Chcesz wiedzieć więcej? Zamów dobrą książkę. Propozycje Racjonalisty:
Dodaj swój komentarz… Ruffo - dopisek 10 na 10 Artykuł rzetelnie napisany, przybliżający bardzo ważny problem i w zasadzie wszystko w nim się zgadza, za wyjątkiem ostatnich akapitów - tych najważniejszych dla "praktykujących" i ich bliskich - o leczeniu. 1. Alkoholik nie tylko musi się przyznać, że jest chory - musi to ZROZUMIEĆ! 2. Jego aktywność w leczeniu istotnie jest niezbędna, koniecznie! 3. Musi zrozumieć a) drogę, b) cel ad.a: to nie jest tak: "jak się wyleczę, to przestanę pić" - jest odwrotnie: "jak przestanę pić, to mam szansę na wyleczenie!" ad.b: "osiągnę stan kulturalnego, kontrolowanego, ograniczonego spożywania alkoholu" - marzenie NIEREALNE, NIEMOŻLIWE !! "osiągnę i UTRZYMAM 100% abstynencję" - trudne, ale CAŁKIEM MOŻLIWE! 4. Osiągnięcie i utrzymanie 100% abstynencji, nawet w czasie > kilkanaście lat nie jest równoważne z wyleczeniem alkoholizmu. To tylko jego opanowanie, uśpienie.

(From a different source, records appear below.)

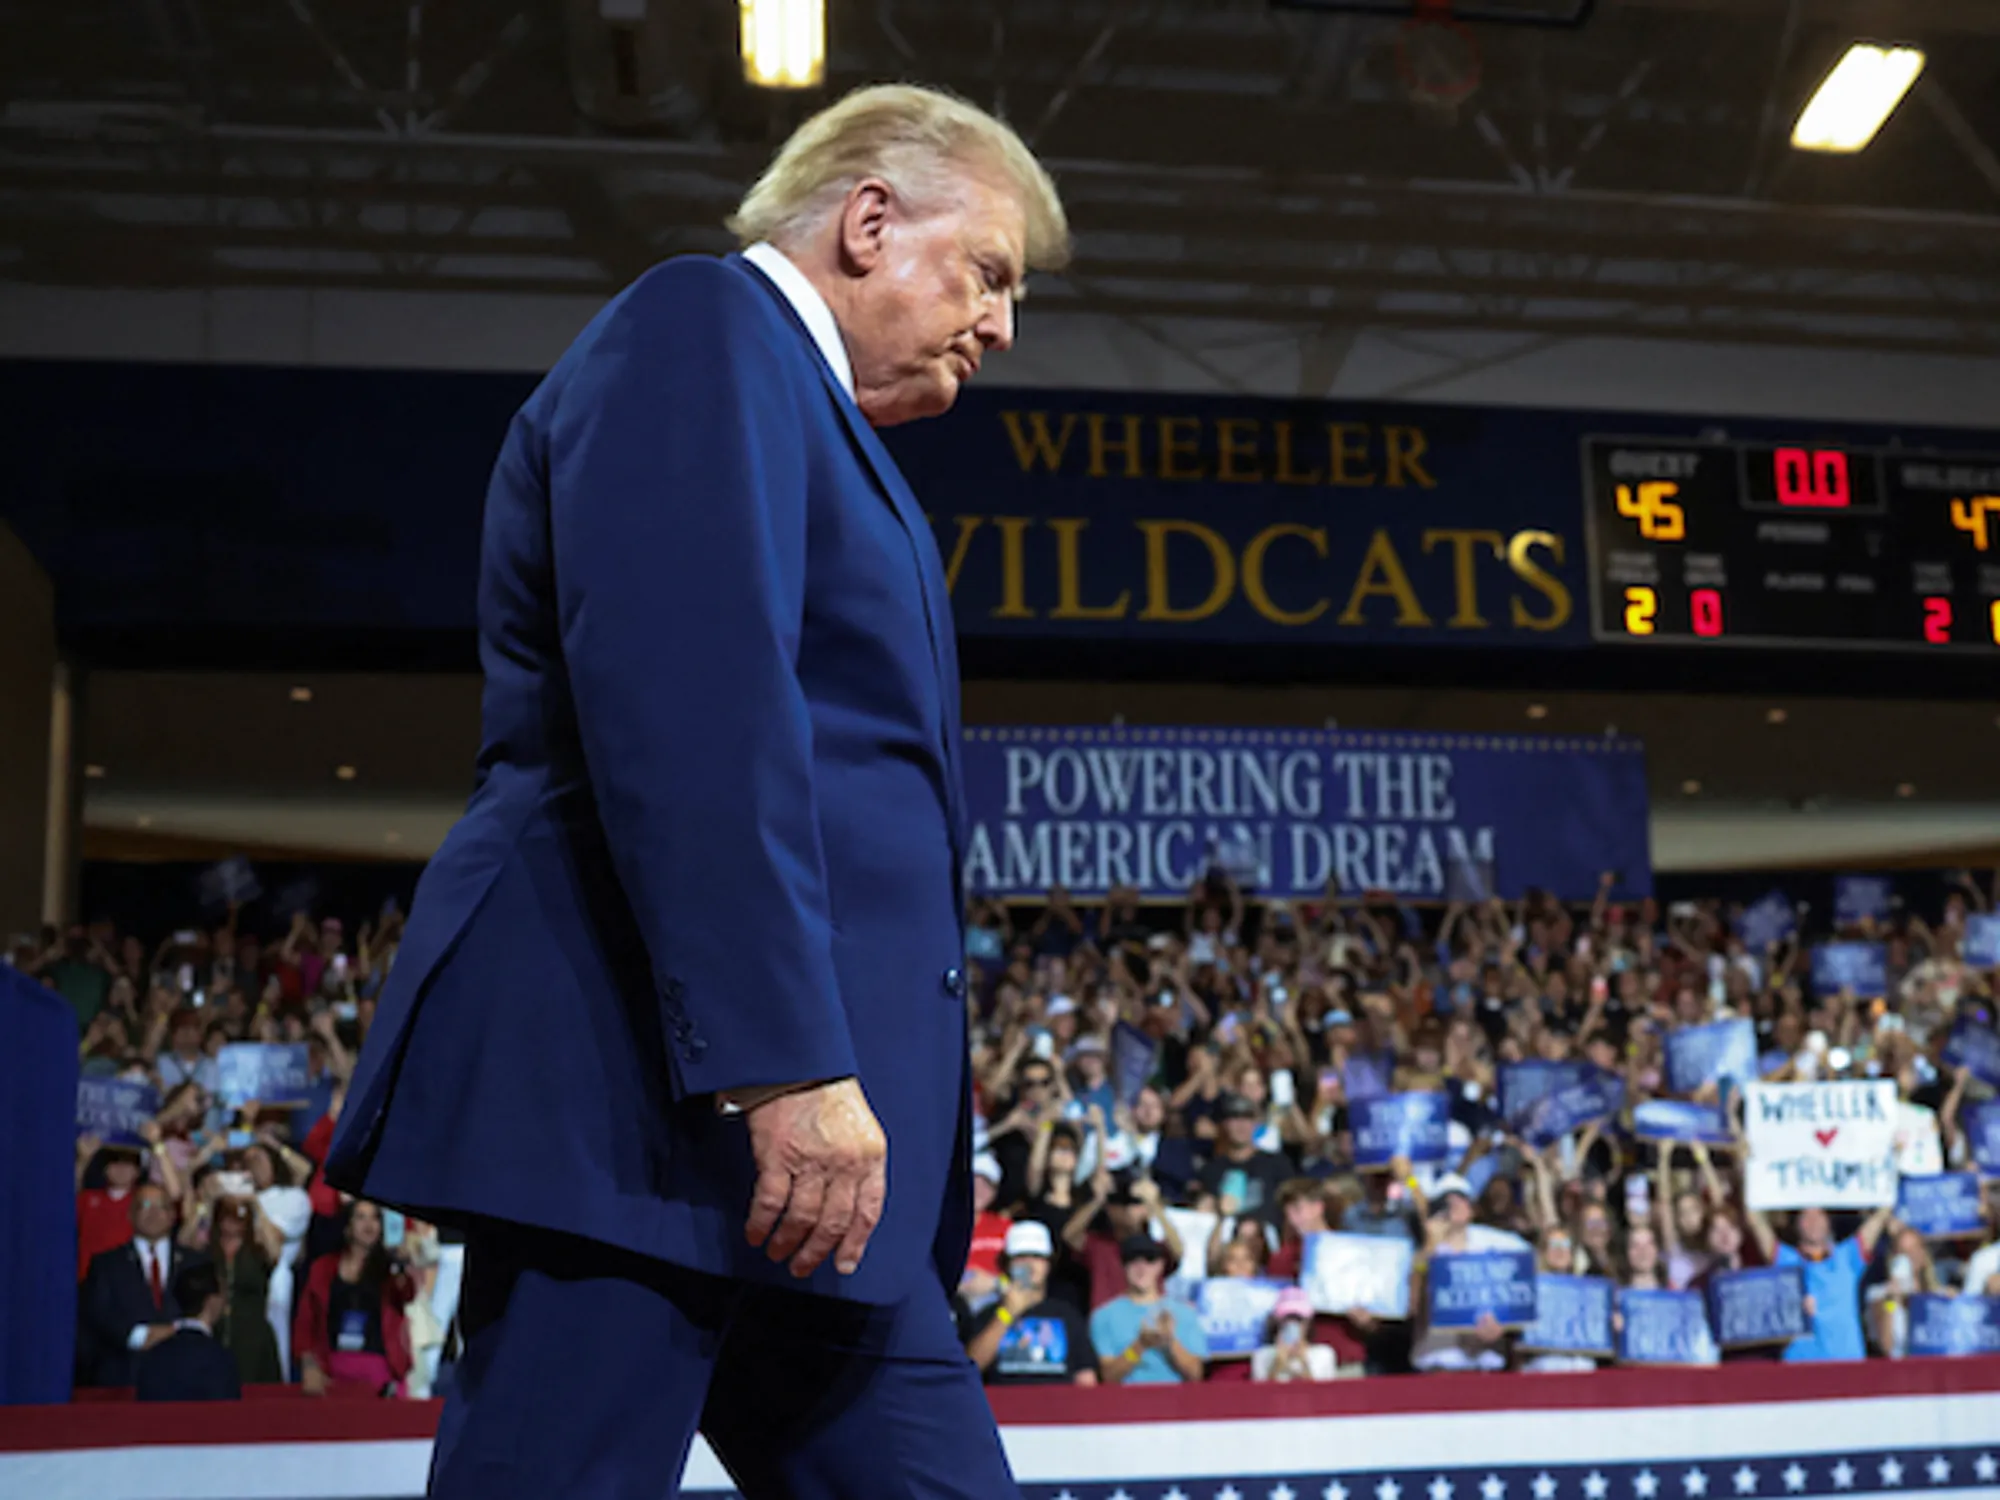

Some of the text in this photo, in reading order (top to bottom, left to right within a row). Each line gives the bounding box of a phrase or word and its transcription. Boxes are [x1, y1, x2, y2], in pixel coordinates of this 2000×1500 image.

[1004, 411, 1438, 490] WHEELER
[1615, 481, 1686, 541] 45
[1624, 586, 1656, 636] 2
[1690, 588, 1723, 637] 0
[1923, 596, 1953, 644] 2
[1004, 747, 1456, 820] POWERING THE
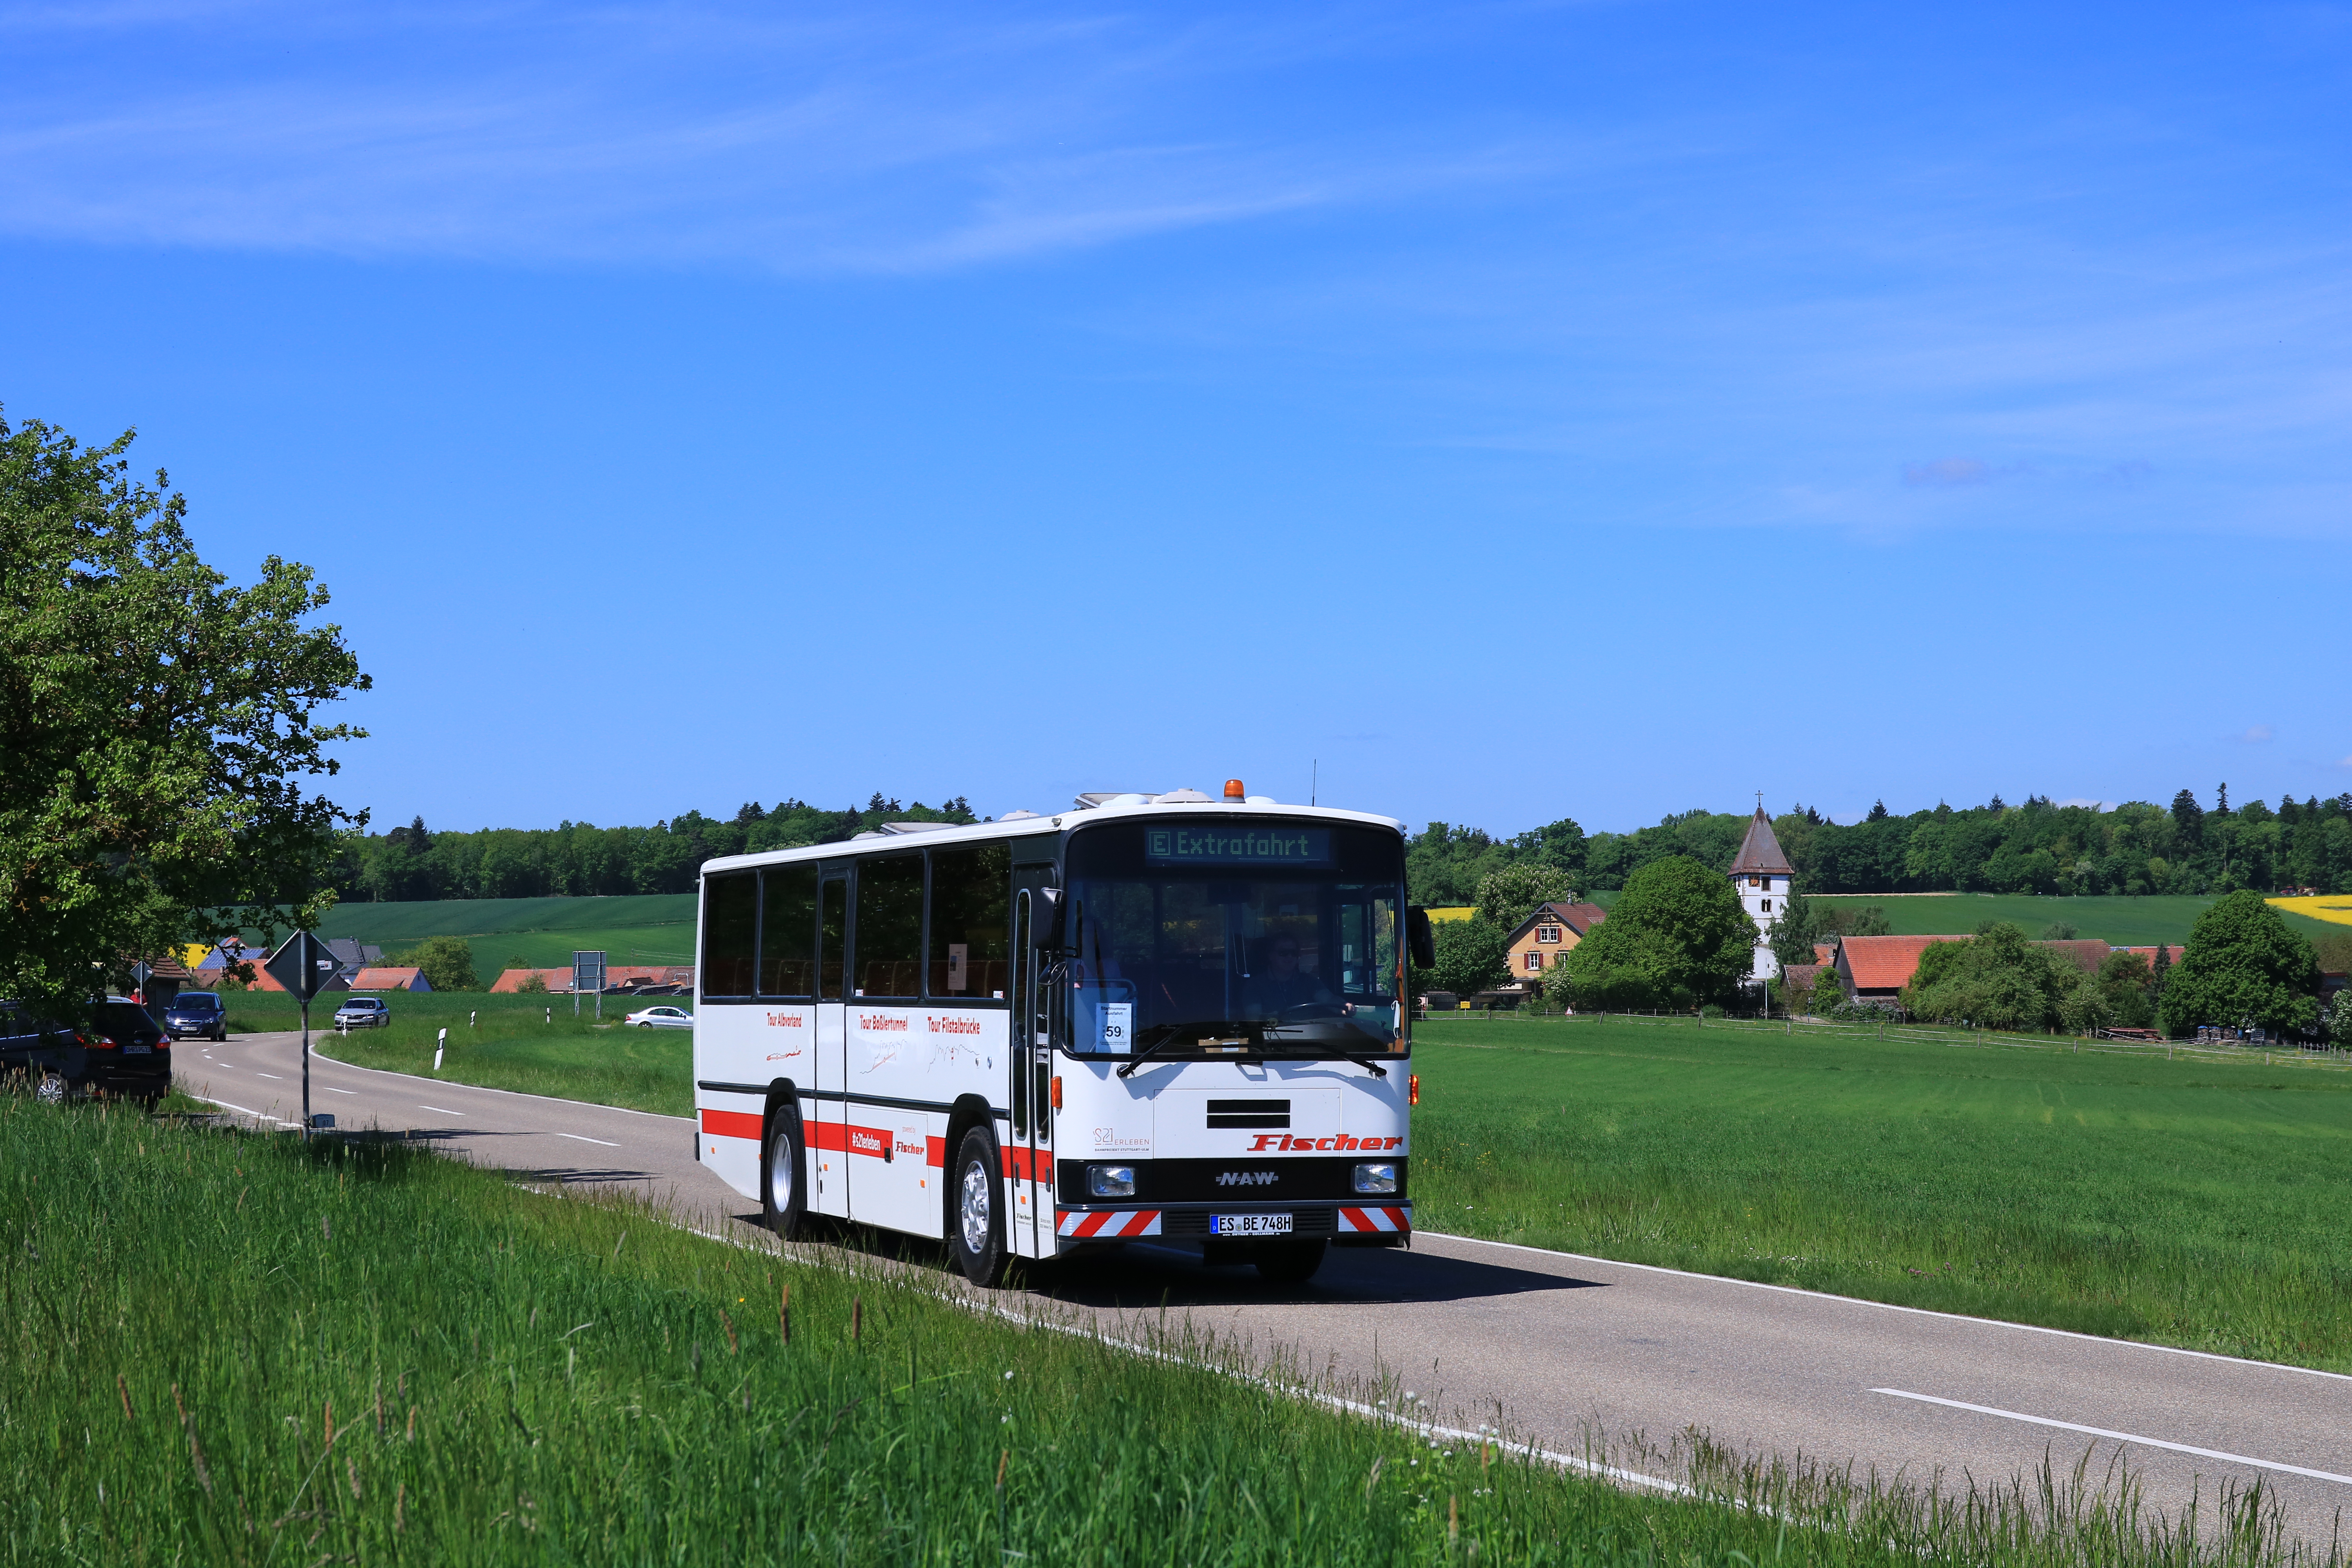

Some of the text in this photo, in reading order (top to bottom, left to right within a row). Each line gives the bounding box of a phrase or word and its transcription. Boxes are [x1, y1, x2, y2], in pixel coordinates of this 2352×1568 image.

[1153, 831, 1308, 855] E Extrafahrt
[767, 1012, 802, 1027] Tour Albvorland
[860, 1014, 908, 1032] Tour Boßlertunnel
[927, 1016, 980, 1034] Tour Filstalbrücke
[1106, 1026, 1122, 1037] 59
[852, 1132, 881, 1151] #s21erleben
[895, 1141, 925, 1155] Fischer
[1247, 1133, 1403, 1151] Fischer
[1220, 1172, 1274, 1185] NAW
[1219, 1218, 1234, 1231] ES
[1243, 1217, 1258, 1230] BE
[1261, 1216, 1291, 1230] 748H
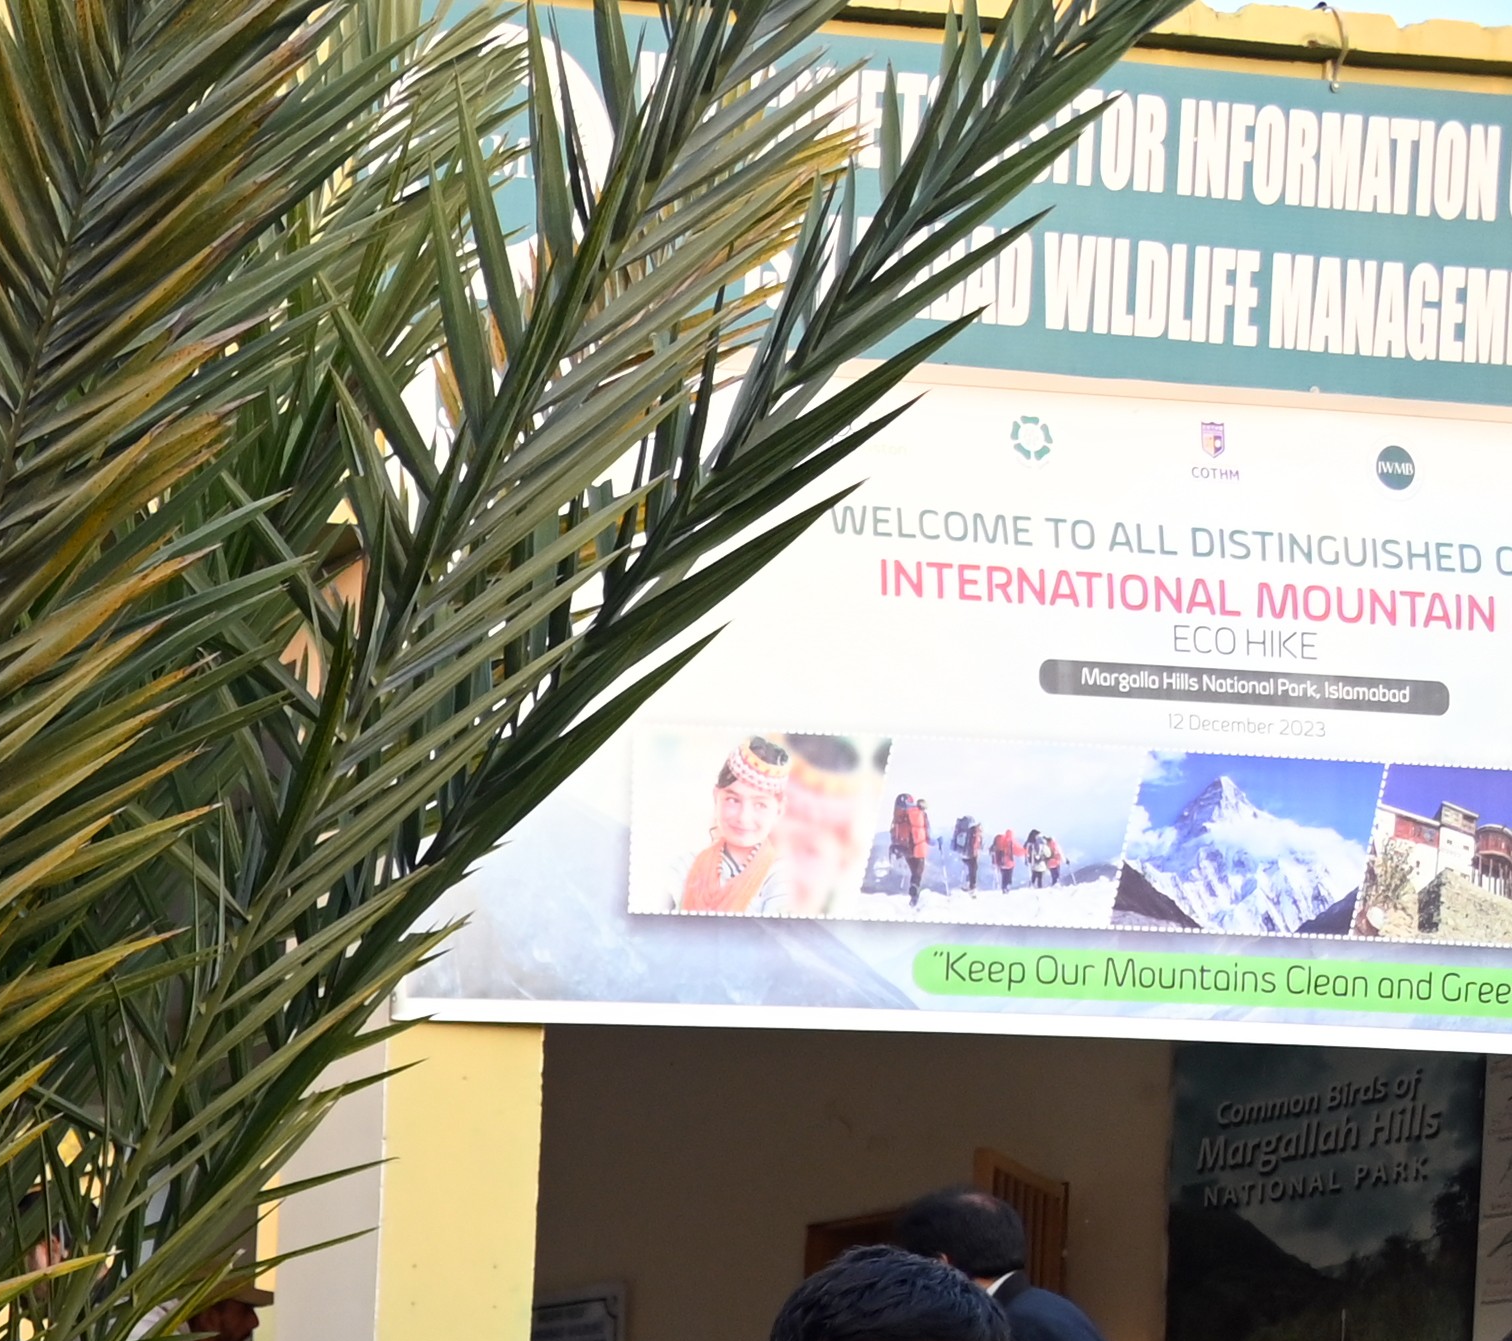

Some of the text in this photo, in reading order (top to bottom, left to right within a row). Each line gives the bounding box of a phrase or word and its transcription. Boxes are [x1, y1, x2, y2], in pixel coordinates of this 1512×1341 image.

[1177, 97, 1502, 222] INFORMATION
[1043, 230, 1261, 348] WILDLIFE
[1191, 465, 1240, 481] COTHM
[830, 504, 1033, 546] WELCOME
[1044, 516, 1096, 551] TO
[1108, 520, 1178, 556] ALL
[1190, 526, 1482, 574] DISTINGUISHED
[880, 557, 1495, 632] INTERNATIONAL MOUNTAIN
[1173, 624, 1318, 661] ECO HIKE
[1080, 666, 1410, 704] Margalla Hills National Park, Islamabad
[1167, 712, 1327, 738] 12 December 2023
[1035, 954, 1096, 987] Our
[1104, 956, 1277, 993] Mountains
[1286, 964, 1369, 998] Clean
[1377, 970, 1433, 1001] and
[1216, 1068, 1424, 1128] Common Birds of
[1196, 1102, 1442, 1175] Margallah Hills
[1202, 1155, 1431, 1210] NATIONAL PARK

Nawrót jest zawsze możliwy, trzeba się pilnować do końca życia. 5. Farmakologia daje niewiele, możliwy efekt placebo. 6. Psychologia + grupy wsparcia - największe szanse! 7. Modlitwa nie pomaga.
Autor:
Ruffo Dodano:
03-04-2011 Reklama
aljen - Willensstärke 2 na 2 Ważnym punktem dla uzależnionych, zagrożonych i dla nie uzależnionych (!) jest też zrozumienie - danie do zrozumienia - że ludzie chorzy na uzależnienie od alkoholu: - nie są ludźmi "słabej woli" - na alkoholizm zapadają głównie ludzie o silnej osobowości - nie są ludźmi z "nizin społecznych" (cokolwiek by to znaczyć miało) - procent uzależnień rośnie z pozycją społeczną i zawodową - są ludźmi tak samo chorymi jak ludzie chorzy na inne choroby - cierpią na chorobę jak najbardziej uleczalną - nie mają się w związku z tym ni cholery czego wstydzić - prowadzą po wyleczeniu i bez alkoholu jak najnormalniejsze życie i odnoszą spokojnie sukcesy osobiste i zawodowe.
Autor:
aljen Dodano:
03-04-2011 Joanna Krok 2 na 2 w artykule jest błąd, zdanie nieprawdziwe tj. " całkowite wyzdrowienie następuje po 2-3 latach" - nie da się całkowicie wyleczyć z alkoholizmu. To po pierwsze. Po drugie: "modlitwa", komunikacja z dowolnie wyobrażaną siłą wyższą (którą wcale nie musi być bóg), wiara w tą siłę wyższą, to podstawowe założenie programu 12 kroków wspólnoty AA - jak do tej pory najbardziej skutecznej metody leczenia alkoholizmu. Tak więc byłabym ostrożna pisząc iż "modlitwa nie pomaga" - uznanie czegoś "nad" sobą, to - czy się nam to podoba czy nie - podstawowy warunek wspólnoty AA, od tego zaczyna się cały proces zdrowienia, praca nad sobą itd. A modlitwa to jeden z elementów programów. Nigdy nie przestaje mnie zadziwiać głupota (?) tego świata - alkohol, jako jedna z najb. niebezpiecznych substancji odurzających jest zupełnie legalna, ba, jego spożycie jest w wielu sytuacjach wręcz nakazane w naszym społeczeństwie, natomiast marihuana - środek o nieporównywalnie mniejszej szkodliwości jest napiętnowana a za jej posiadanie grozi kara więzienia.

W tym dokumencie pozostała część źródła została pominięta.